# Frogs & Toads > Mantella & Other Mantellidae > Breeding, Eggs, Tadpoles, etc >  Mantellas breeding already????

## kati537

Hello everyone,
  I was hoping someone could give me some advice.  I bought a pair of painted mantella's at a reptile expo about 6 or 7 weeks ago (i'm 90% sure they are mantella baroni).  The dealer said they were wild caught (I know that should be a no-no, but I couldn't find any captive bred).  They now live in a little planted vivarium that is usually in the 64-68 degree range with humidity around 70%.  There is also a low powered heat pad underneath part of the tank (and two inches of ecoearth and one inch of moss on top of that).  I half-buried one of those little wood caves they sell at petstores near the heat pad.  I dug out some of the dirt near the back so they could get closer to the heat pad if they needed to.  Ever since I put them in one of the frogs decided that under the log was his spot, and hes always under there.  Three weeks later, I started hearing cricket-like calling coming from the tank (tiny crickets can't chirp like adult crickets yet, can they?)  Another couple weeks go by and both the mantellas have now claimed the log as their own.  They are both always under it (I use a little flashlight from the outside of the tank to see underneath).  They have dug a tunnel out the back and i'm pretty sure they did some redecorating with the moss.  So a couple days ago I peeked under the log and saw the male on top of the female.  Which leads me to where I am now.....

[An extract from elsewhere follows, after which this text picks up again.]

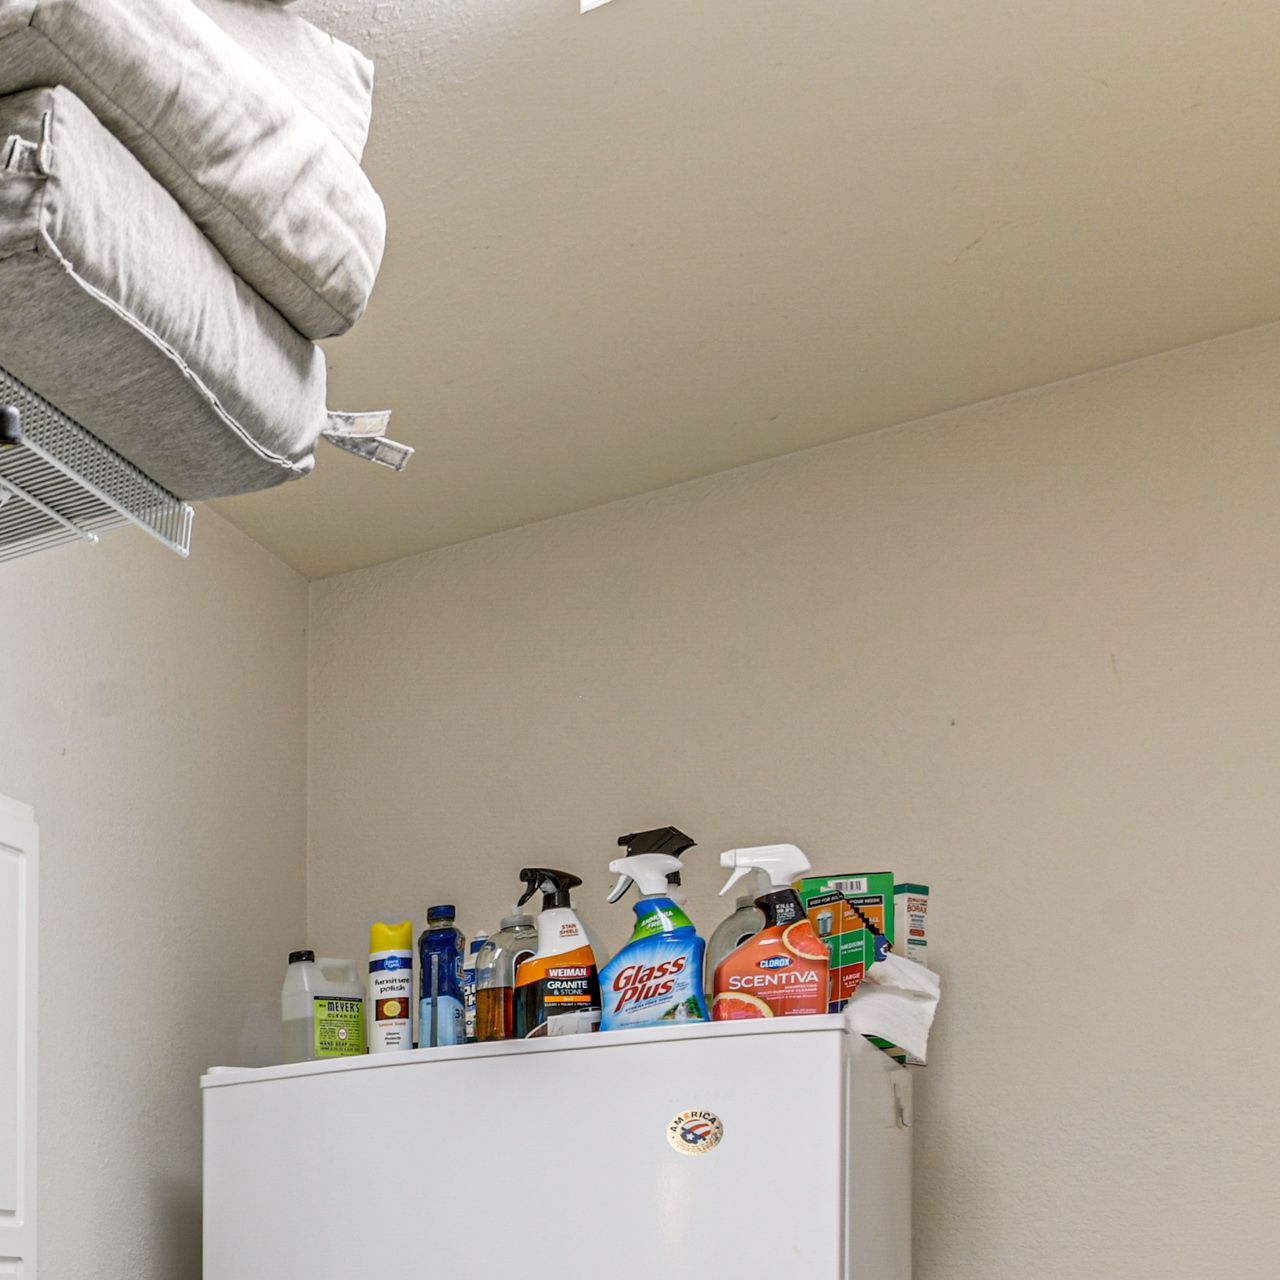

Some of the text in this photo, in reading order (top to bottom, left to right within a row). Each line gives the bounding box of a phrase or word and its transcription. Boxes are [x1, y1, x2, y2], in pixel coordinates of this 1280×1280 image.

  If I start trying to lift the log and look for eggs, It is probably going to disturb the whole vivarium (at least mess up their tunnel and such).  I was hopeful that one day they would breed and I'd have little tadpoles, but I never thought it would be this quick.  Maybe I switched them over to a higher temperature and/or humidity then they were used to.  Should I re-arrange the tank to make it easier to find the eggs? Or leave it the way it is and as gently as possible look for eggs every few days?

----------


## Terry

Mantellas are fairly easy to breed and care for. I provided a link to one of the best mantella care sheets on the web:

Marc Staniszewski's Mantella FAQ

Good luck  :Frog Smile:

----------


## Leefrogs

Welcome to forum, hell of a first post!!!  Since u were planning on breeding anyways, I would just go get the stuff just in case. Read hiding eggs, sometimes it happens quick. Post some Picts if u can, or if they let you.

----------